Canadian ice hockey player (born 1974)

Anson Horace Carter (born June 6, 1974) is a Canadian former professional ice hockey right winger who played in the National Hockey League (NHL) for eight teams from 1996 to 2007, most notably with the Boston Bruins, Edmonton Oilers and Vancouver Canucks. He was last active as a player with HC Lugano in the Swiss Nationalliga A. After retiring from professional hockey, he joined NBC Sports as an analyst and is now currently an analyst for NHL on TNT and MSG Network.

Carter is also the founder of Big Up Entertainment, a record label specializing in hip hop music. He attended high school at Agincourt Collegiate Institute and attended Michigan State University where he played at the college level. He is of Bajan descent.

==Early life==
Anson Carter was born on June 6, 1974, in Toronto, Ontario. He is one of three children of Horace and Valma Carter, who emigrated from Barbados. He started playing hockey seriously at the age of eight. Carter received a scholarship to play hockey at Michigan State University (MSU) in 1992.

==Playing career==
Carter was drafted by the Quebec Nordiques in the 1992 NHL entry draft in the 10th round, 220th overall, after playing AAA level hockey in the Metro Toronto Hockey League.

After completing his AAA hockey career, Carter played one season in the Metro Junior 'A' Hockey League for the Wexford Raiders, scoring 18 goals and adding 22 assists for 40 points in 42 games, helping the Raiders to a league title as a result of sweeping the Bramalea Blues 4–0 in the championship final. (Incidentally, the Raiders' head coach was Stan Butler, current special advisor to the owner of the Ontario Hockey League's North Bay Battalion).

Carter went on to play four years at Michigan State University, earning himself honours on the CCHA First All-Star Team in 1994 and 1995, Second All-Star Team in 1996, as well as the NCAA West Second All-American Team in 1995.

On April 3, 1996, the Nordiques' successor, the Colorado Avalanche, traded his rights to the Washington Capitals in exchange for a fourth-round pick in the 1996 NHL entry draft.

Carter made his professional debut in 1996–97, splitting his time with the Capitals and their American Hockey League (AHL) affiliate, the Portland Pirates, before being traded to the Boston Bruins on March 1, 1997. As part of a blockbuster deal, Carter was sent with Jason Allison, Jim Carey, a third-round selection in the 1997 draft (63rd overall-Lee Goren) and a conditional second-round pick in the 1998 draft to the Bruins in exchange for Adam Oates, Bill Ranford and Rick Tocchet. Both Carter and Tocchet would work together as studio analysts with the NHL on TNT nearly a quarter of a century later beginning in 2021.

After spending several seasons with the Bruins, Carter was traded (along with a conditional pick in the 2003 draft, a first- and a second-round pick in the 2001 draft) to the Edmonton Oilers in exchange for Bill Guerin and a first-round pick in the 2001 draft.

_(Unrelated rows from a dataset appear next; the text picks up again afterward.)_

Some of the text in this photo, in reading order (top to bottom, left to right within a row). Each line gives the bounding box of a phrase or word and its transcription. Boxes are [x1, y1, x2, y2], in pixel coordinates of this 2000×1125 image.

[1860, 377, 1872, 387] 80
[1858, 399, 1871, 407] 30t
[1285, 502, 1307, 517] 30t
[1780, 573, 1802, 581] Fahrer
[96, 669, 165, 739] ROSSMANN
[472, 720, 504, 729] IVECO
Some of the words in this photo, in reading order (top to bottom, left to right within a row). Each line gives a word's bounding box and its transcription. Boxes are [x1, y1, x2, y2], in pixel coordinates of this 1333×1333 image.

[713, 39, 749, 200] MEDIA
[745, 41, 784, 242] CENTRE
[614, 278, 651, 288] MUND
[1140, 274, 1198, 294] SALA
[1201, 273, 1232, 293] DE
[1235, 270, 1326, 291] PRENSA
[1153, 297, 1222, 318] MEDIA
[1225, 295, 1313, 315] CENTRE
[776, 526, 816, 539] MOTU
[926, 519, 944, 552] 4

In his second season with Edmonton, Carter would record career-highs in assists (32) and points (60). However, on March 11, 2003, he was again traded, to the New York Rangers (along with Aleš Píša) in exchange for Radek Dvořák and Cory Cross.

At the completion of the 2002–03 season, Carter played for Canada in the 2003 World Championships. Over 14 minutes into the first overtime of the gold medal game against Sweden, Carter beat Swedish goaltender Mikael Tellqvist with a wraparound goal. The goal was contested for several minutes before replays confirmed Tellqvist had stopped the puck behind the goal line. It was Canada's first World Championship win in five years.

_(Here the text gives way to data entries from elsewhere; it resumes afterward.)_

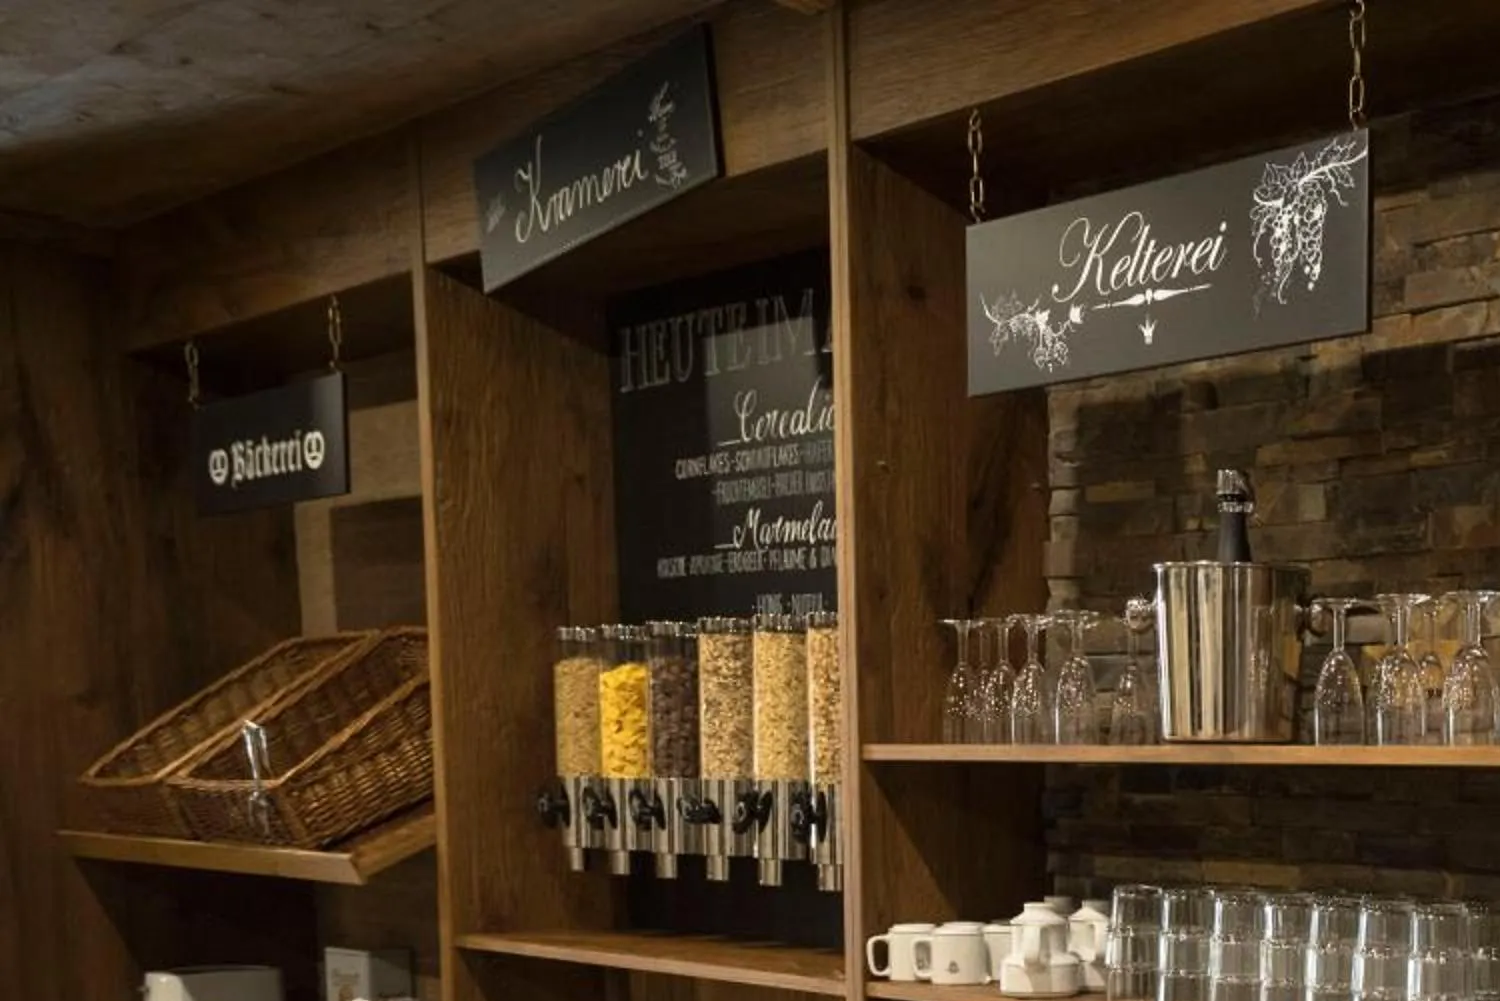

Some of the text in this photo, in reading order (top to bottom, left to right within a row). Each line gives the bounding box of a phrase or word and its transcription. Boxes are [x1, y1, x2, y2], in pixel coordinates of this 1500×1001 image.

[1052, 211, 1227, 303] Kelterei
[619, 302, 747, 393] HEUTE
[755, 288, 816, 364] IM
[231, 430, 302, 489] Bäckerei
[732, 499, 837, 550] Marmela
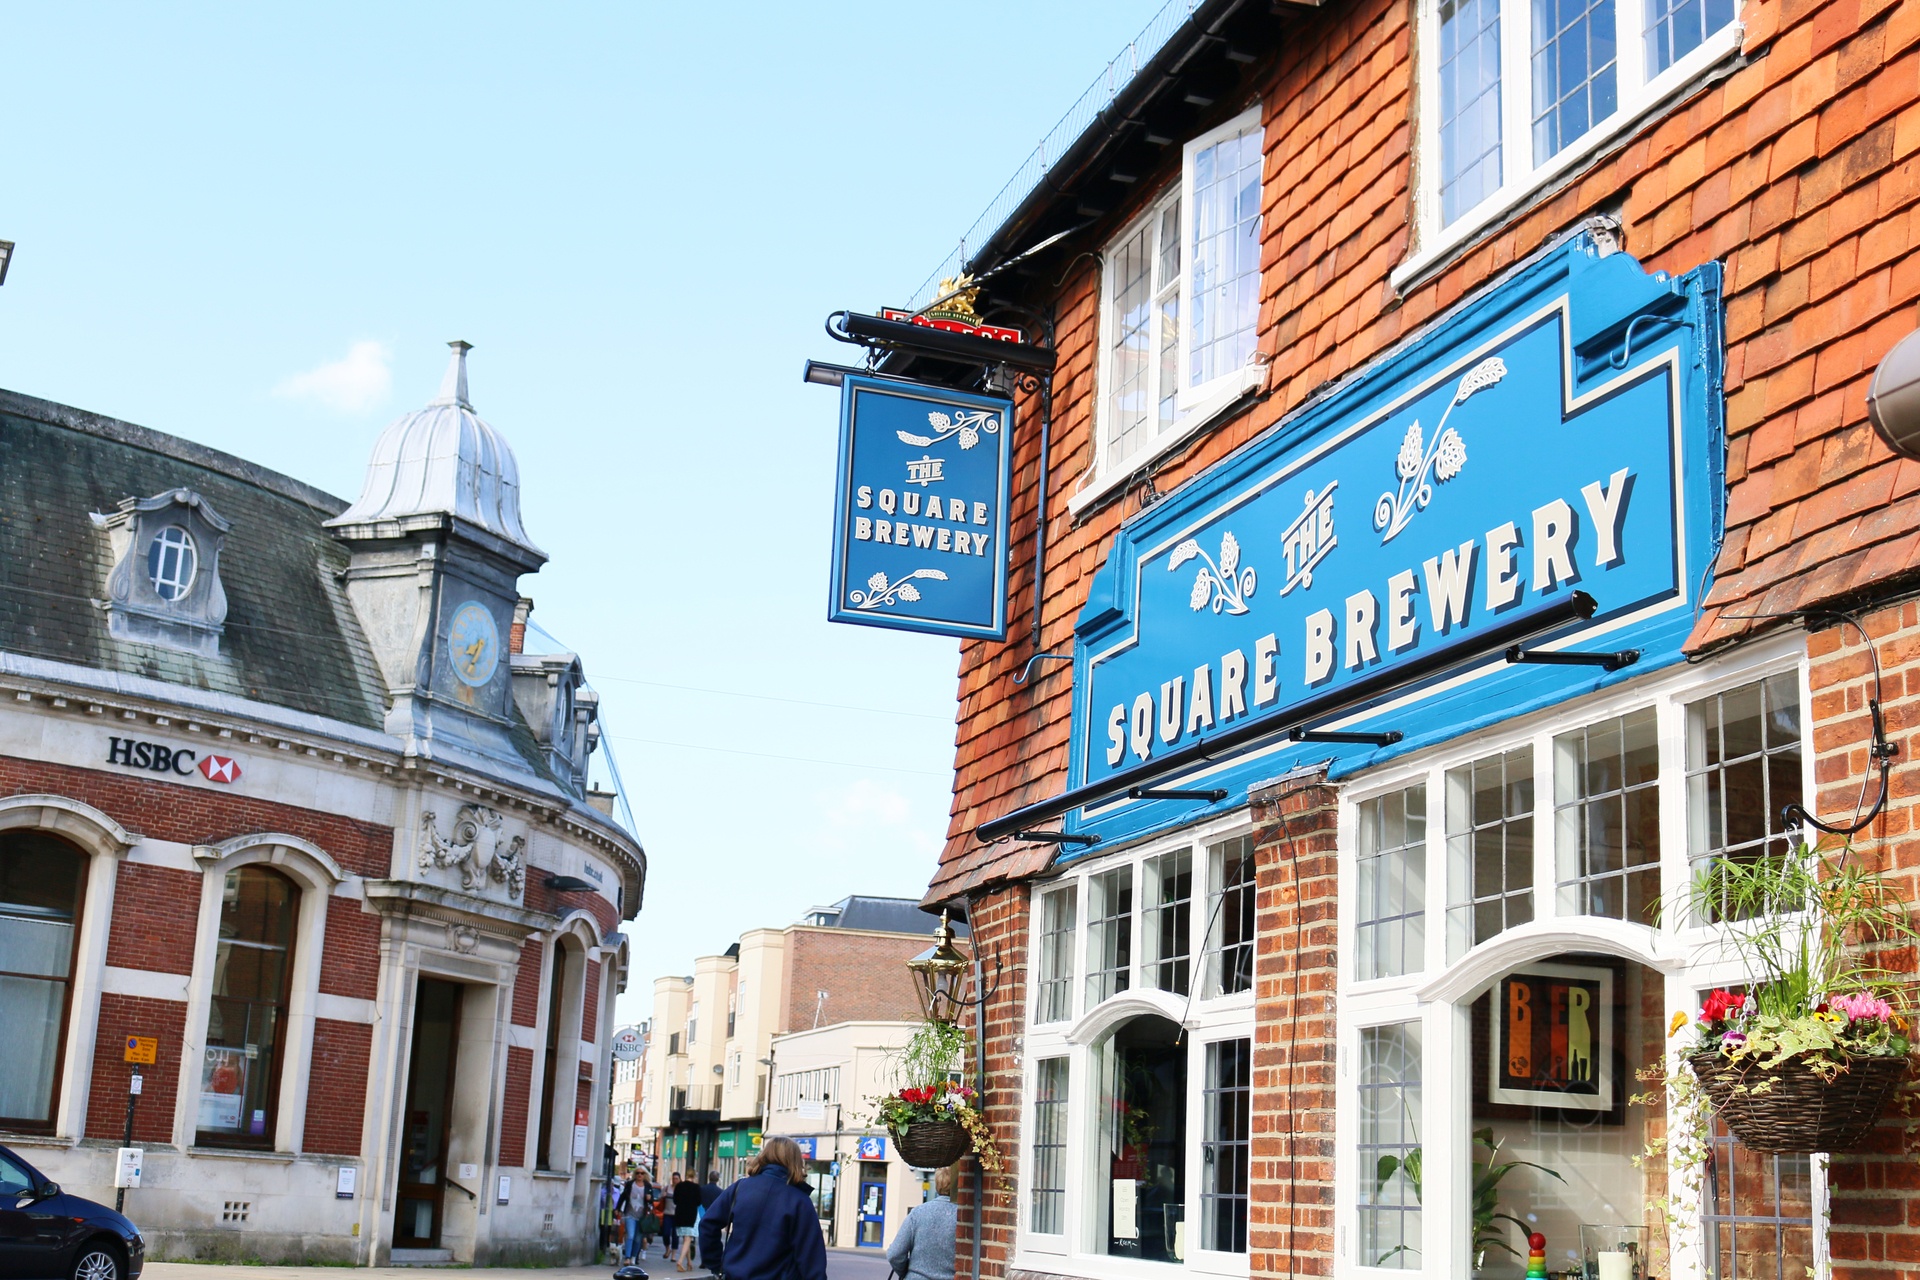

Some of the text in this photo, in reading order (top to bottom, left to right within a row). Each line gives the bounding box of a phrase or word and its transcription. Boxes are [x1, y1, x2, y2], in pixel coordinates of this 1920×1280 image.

[907, 462, 943, 480] THE
[857, 485, 988, 525] SQUARE
[855, 516, 989, 556] BREWERY
[1282, 493, 1334, 581] THE
[1106, 467, 1630, 767] SQUARE BREWERY
[106, 736, 196, 776] HSBC
[615, 1042, 642, 1053] HSBC
[1508, 981, 1591, 1082] BER

Lasting half a season with the Rangers, Carter was traded back to the Washington Capitals on January 23, 2004, in exchange for Jaromír Jágr. His second go with the Capitals was even more short-lived than his stint with New York, as he was flipped to the Los Angeles Kings for Jared Aulin just over a month later on March 8, 2004.

On August 16, 2005, Carter signed a one-year contract with the Vancouver Canucks as an unrestricted free agent. He played in Vancouver on the second offensive line with twins Henrik and Daniel Sedin, where the trio were known colloquially as the "Brothers Line". He set a new career-high in goals with 33, leading the team, and earned the Canucks' Most Exciting Player Award. However, he did not re-sign with the Canucks at the end of the season.

On September 13, 2006, Carter signed a one-year contract with the Columbus Blue Jackets, but was traded once again to the Carolina Hurricanes on February 23, 2007, in exchange for a fifth-round pick in the 2008 NHL draft (Tomas Kubalik).

In September 2007, Carter rejoined the Edmonton Oilers on a try-out basis during their training camp, and played one exhibition game before being released on October 2, 2007. Without an NHL job, on November 5, Carter joined HC Lugano of the Swiss Nationalliga A.

==Post-playing career==
After playing in the NHL for 11 seasons, Carter began his post-hockey career in 2013 with the NBC Sports coverage of NHL regular season, and Stanley Cup Playoffs games. Besides covering the professional ranks, Carter provides game analysis for NBCSN's Notre Dame's Fighting Irish college hockey. Additionally, Carter also made his debut as part of the 2018 Olympic coverage of the PyeongChang Winter games.

On Canadian television, starting in 2022, Carter was a panelist on Sportsnet's Rogers Monday Night Hockey NHL broadcasts. He continues to be on Sportsnet NHL coverage in 2024.

Carter founded the Big Up Entertainment record label in March 2005. The label's first release was from Richmond, Virginia, natives Main & Merc.

Carter now lives in Atlanta, Georgia. In 2022, Carter become the minority owner of the Atlanta Gladiators of the ECHL. He is currently seeking to bring an NHL expansion team to Atlanta, with his new group Alpharetta Sports & Entertainment, which would be the city’s third team since the departure of the Atlanta Flames in 1980 and the Atlanta Thrashers in 2011.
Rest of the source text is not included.